Start of Data
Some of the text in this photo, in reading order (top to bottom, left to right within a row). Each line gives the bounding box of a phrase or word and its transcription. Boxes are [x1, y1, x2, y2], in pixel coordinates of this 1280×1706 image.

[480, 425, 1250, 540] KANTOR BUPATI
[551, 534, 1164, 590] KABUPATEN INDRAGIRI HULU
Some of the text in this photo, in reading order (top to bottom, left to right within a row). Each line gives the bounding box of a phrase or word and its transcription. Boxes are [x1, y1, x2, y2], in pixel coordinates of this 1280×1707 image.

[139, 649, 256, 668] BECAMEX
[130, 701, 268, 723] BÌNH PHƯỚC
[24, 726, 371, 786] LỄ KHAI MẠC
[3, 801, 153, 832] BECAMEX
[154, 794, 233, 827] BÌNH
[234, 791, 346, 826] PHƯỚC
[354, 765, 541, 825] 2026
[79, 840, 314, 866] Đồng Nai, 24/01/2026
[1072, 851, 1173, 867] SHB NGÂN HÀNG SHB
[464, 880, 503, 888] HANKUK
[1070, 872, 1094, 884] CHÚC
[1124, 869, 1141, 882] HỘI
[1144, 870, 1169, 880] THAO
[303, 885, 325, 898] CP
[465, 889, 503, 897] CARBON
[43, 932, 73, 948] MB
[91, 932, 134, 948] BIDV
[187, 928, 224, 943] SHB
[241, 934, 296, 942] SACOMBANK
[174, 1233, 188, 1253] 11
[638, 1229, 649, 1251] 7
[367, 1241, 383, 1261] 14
End of Data
[Required action]: Reproduce the data in full, precisely as given.

[Finished task]:
Some of the text in this photo, in reading order (top to bottom, left to right within a row). Each line gives the bounding box of a phrase or word and its transcription. Boxes are [x1, y1, x2, y2], in pixel coordinates of this 1280×1706 image.

[480, 425, 1250, 540] KANTOR BUPATI
[551, 534, 1164, 590] KABUPATEN INDRAGIRI HULU
Some of the text in this photo, in reading order (top to bottom, left to right within a row). Each line gives the bounding box of a phrase or word and its transcription. Boxes are [x1, y1, x2, y2], in pixel coordinates of this 1280×1707 image.

[139, 649, 256, 668] BECAMEX
[130, 701, 268, 723] BÌNH PHƯỚC
[24, 726, 371, 786] LỄ KHAI MẠC
[3, 801, 153, 832] BECAMEX
[154, 794, 233, 827] BÌNH
[234, 791, 346, 826] PHƯỚC
[354, 765, 541, 825] 2026
[79, 840, 314, 866] Đồng Nai, 24/01/2026
[1072, 851, 1173, 867] SHB NGÂN HÀNG SHB
[464, 880, 503, 888] HANKUK
[1070, 872, 1094, 884] CHÚC
[1124, 869, 1141, 882] HỘI
[1144, 870, 1169, 880] THAO
[303, 885, 325, 898] CP
[465, 889, 503, 897] CARBON
[43, 932, 73, 948] MB
[91, 932, 134, 948] BIDV
[187, 928, 224, 943] SHB
[241, 934, 296, 942] SACOMBANK
[174, 1233, 188, 1253] 11
[638, 1229, 649, 1251] 7
[367, 1241, 383, 1261] 14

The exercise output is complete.